Нет же, он с упорством идет и идет по дорогам, потом возвращается домой, покрытый пылью, отправляется в мастерскую к другу и видит, что здесь ничего не изменилось, все на месте; друг по-прежнему приходит поутру в тесную мастерскую, по-прежнему пишет полотна, складывает их в угол, на свои скудные средства делает репродукции с многочисленных еще не проданных работ. И может быть, нет никакой разницы в том, вбираешь ли ты в себя целый огромный мир или спокойно разглядываешь грязный угол мастерской, испытываешь душу в потрясениях любви и лицедейства или приучаешь ее к однообразной пище одних и тех же малых радостей и пристрастий… Зачем же тогда утруждать себя повторением этого испытанного фокуса — зачем бросать свое уже утомленное тело из одного конца континента в другой? Зачем придумывать все бесчисленные ухищрения, позволяющие наилучшим образом осуществлять этот фокус, — всякие там командировки от журналов, циклы лекций об искусстве, выступления, встречи…
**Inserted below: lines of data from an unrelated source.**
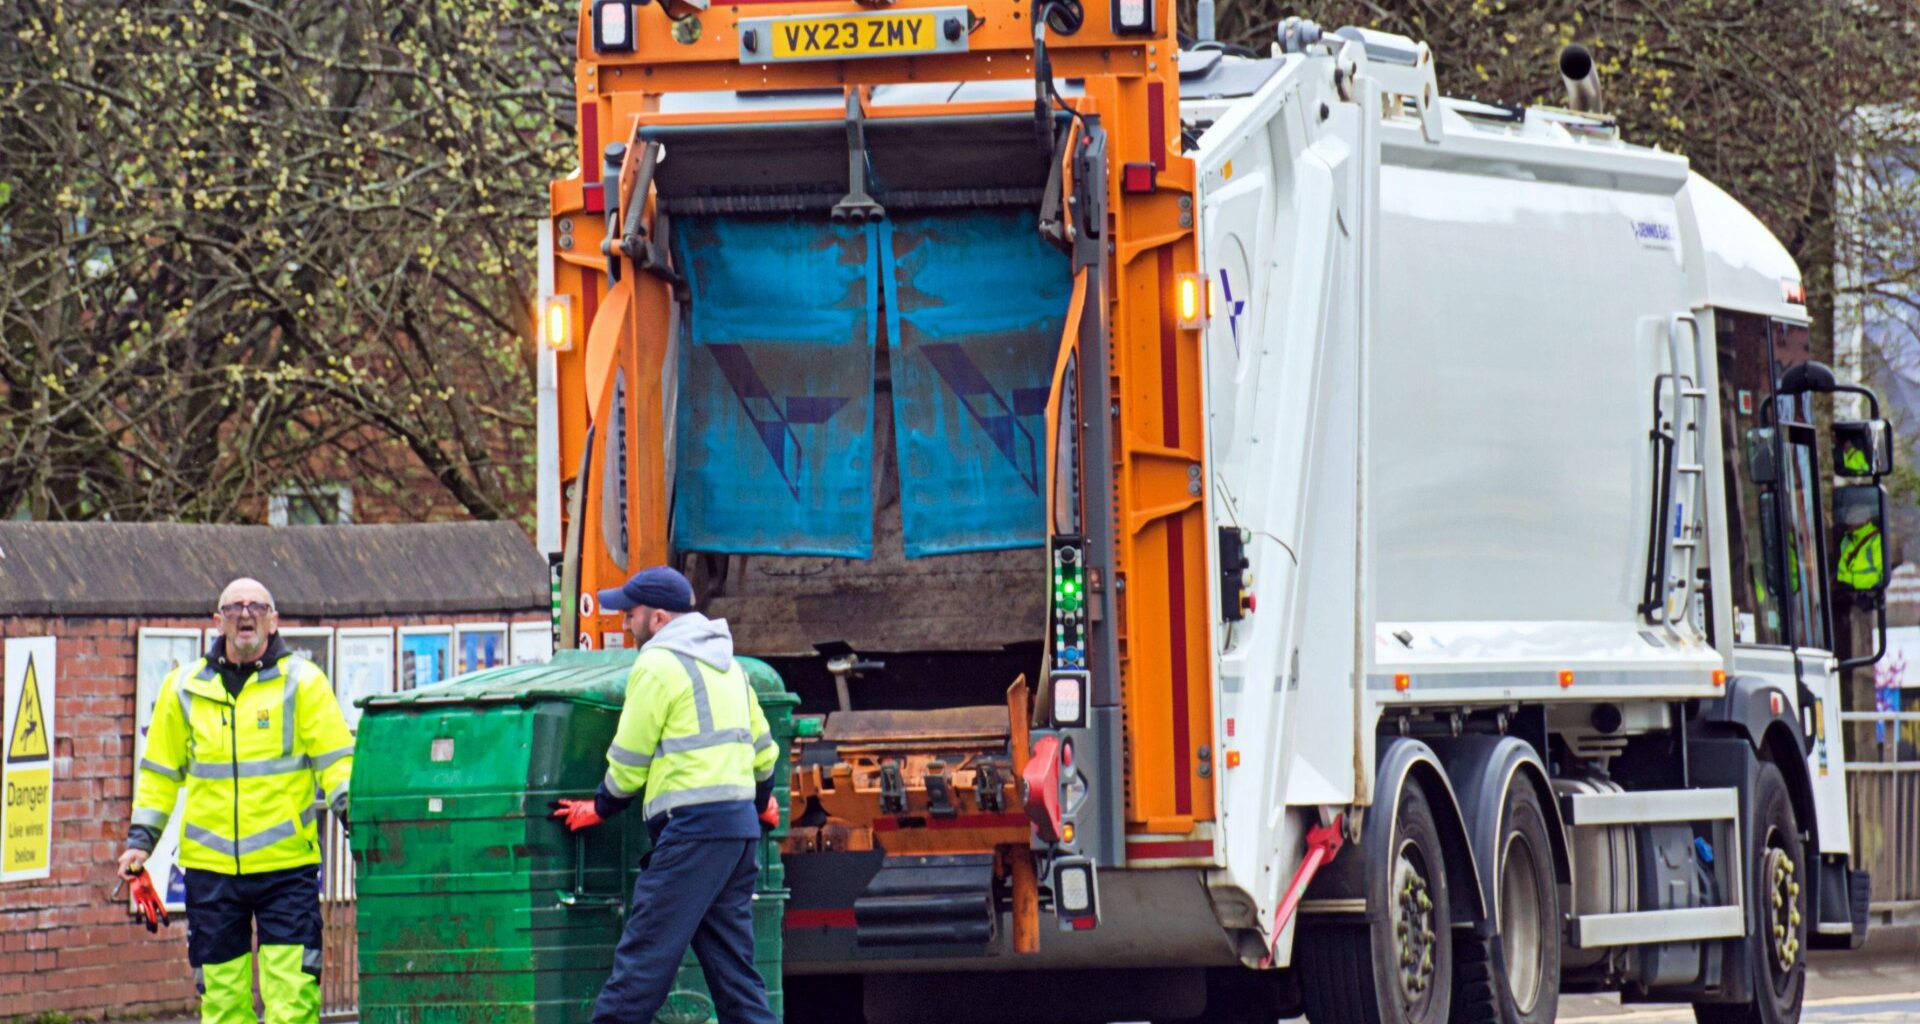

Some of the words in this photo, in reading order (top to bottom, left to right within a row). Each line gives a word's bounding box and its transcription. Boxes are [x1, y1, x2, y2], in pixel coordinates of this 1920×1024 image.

[784, 21, 859, 52] VX23
[867, 18, 923, 48] ZMY
[7, 781, 48, 812] Danger
[9, 822, 24, 839] Live
[25, 823, 44, 837] wires
[14, 848, 36, 864] below
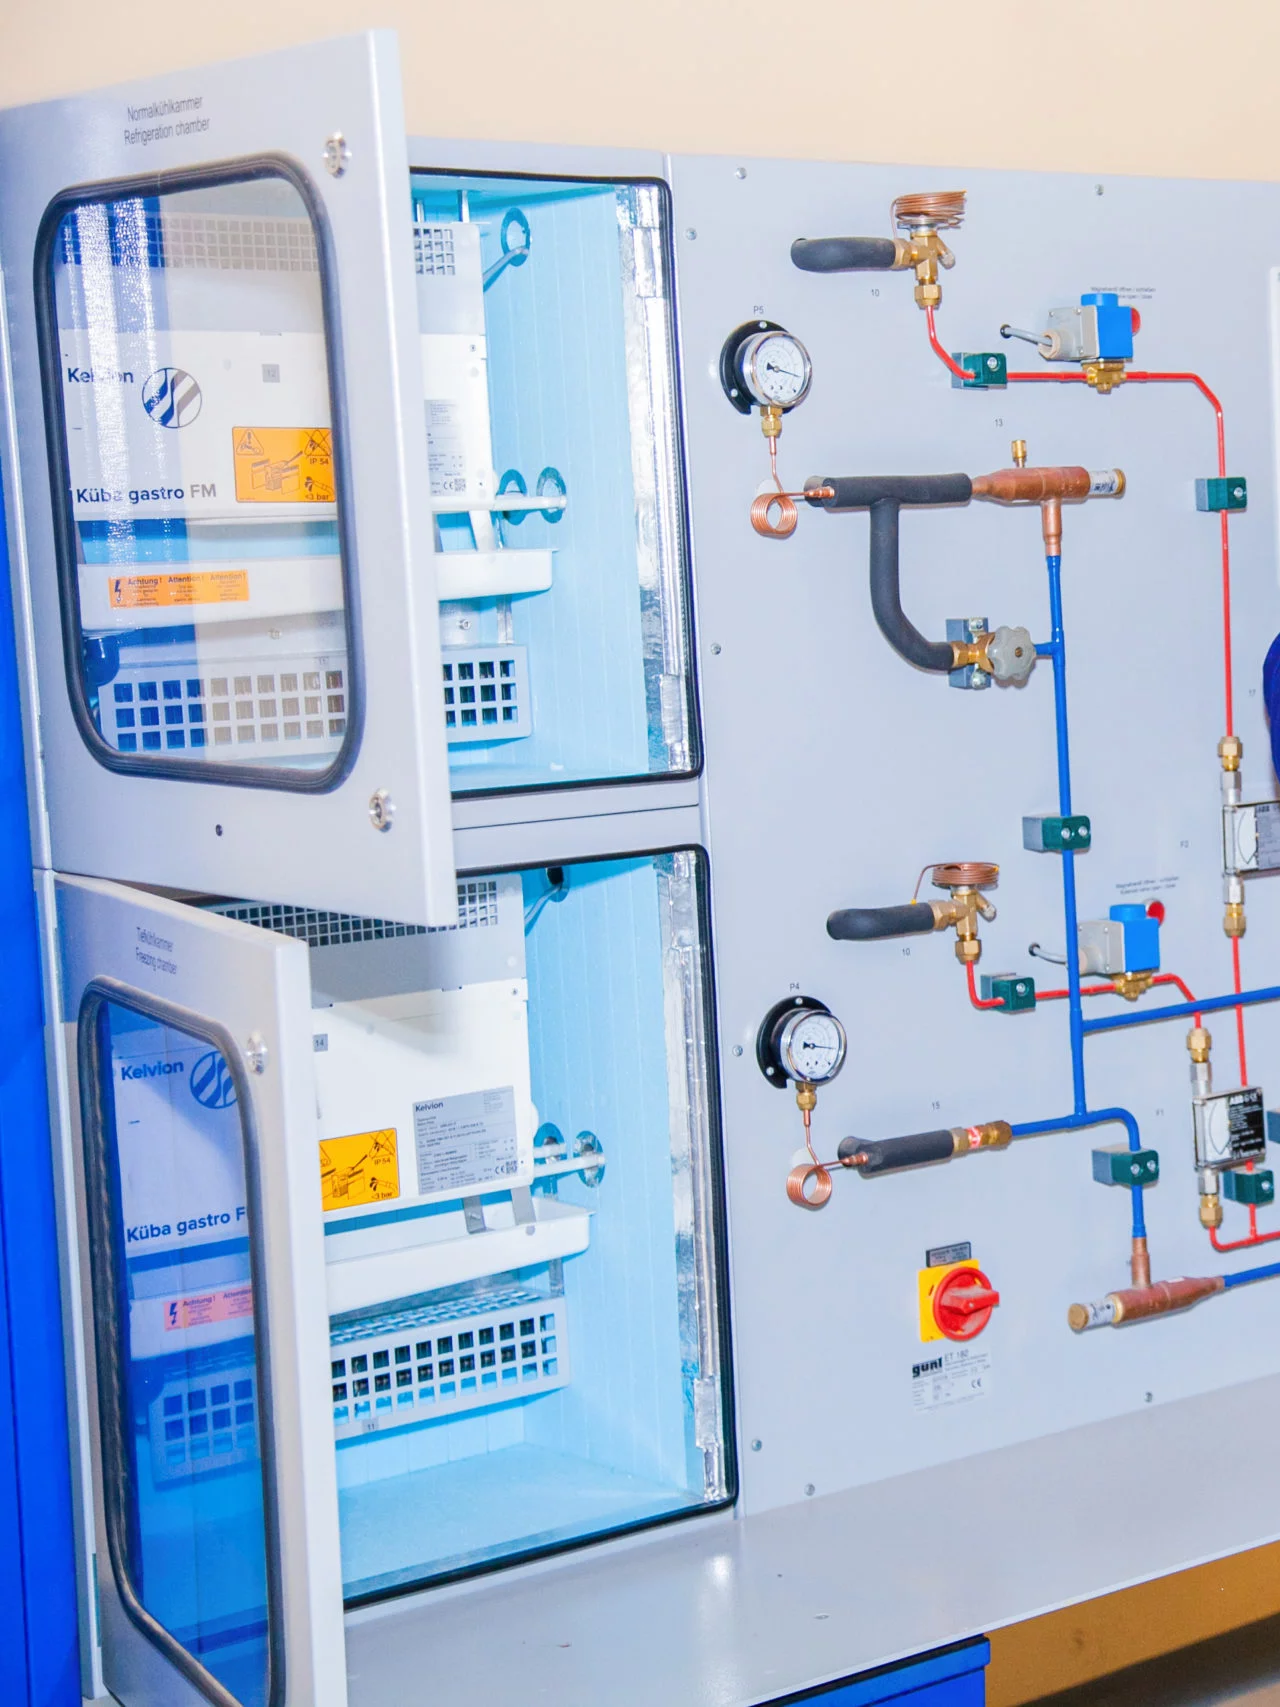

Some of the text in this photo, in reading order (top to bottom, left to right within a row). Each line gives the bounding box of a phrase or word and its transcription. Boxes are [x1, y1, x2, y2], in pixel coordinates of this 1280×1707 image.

[127, 96, 204, 121] Normalkühlkammer
[123, 117, 211, 146] Refrigeration chamber
[129, 486, 185, 504] gastro
[190, 483, 217, 498] FM
[789, 982, 800, 992] P4
[315, 1039, 324, 1047] 14
[121, 1061, 184, 1080] Kelvion
[415, 1101, 444, 1112] Kelvion
[127, 1223, 171, 1242] Küba
[176, 1212, 231, 1236] gastro
Вечером он ужинал в компании местных геологов, вулканологов, туристов, альпинистов… Там была ленинградская девушка-геолог, лихо рассказывавшая о медведях, ночевках в тайге, об охоте, о браконьерстве, о лошадях. Она давно оставила суету Ленинграда и поселилась тут, на краю света. Она читала на память Киплинга и Гумилева, люто презирала мещан… Утром она стала делиться с Сапожниковым своими невзгодами, и перед ним предстала воистину величественная картина местных дрязг, возни, интриг, убогих достижений и нищеты. То, от чего она сбежала из Ленинграда, было предоставлено ей здесь в полной мере, но в измельченном, смехотворном масштабе, поглощало ее силы, оставляя лишь вот такие редкие вечера для утверждения своей правоты. Сапожников убеждался, что вольные сыны тайги и тундры не знали беспечности, жили склокой…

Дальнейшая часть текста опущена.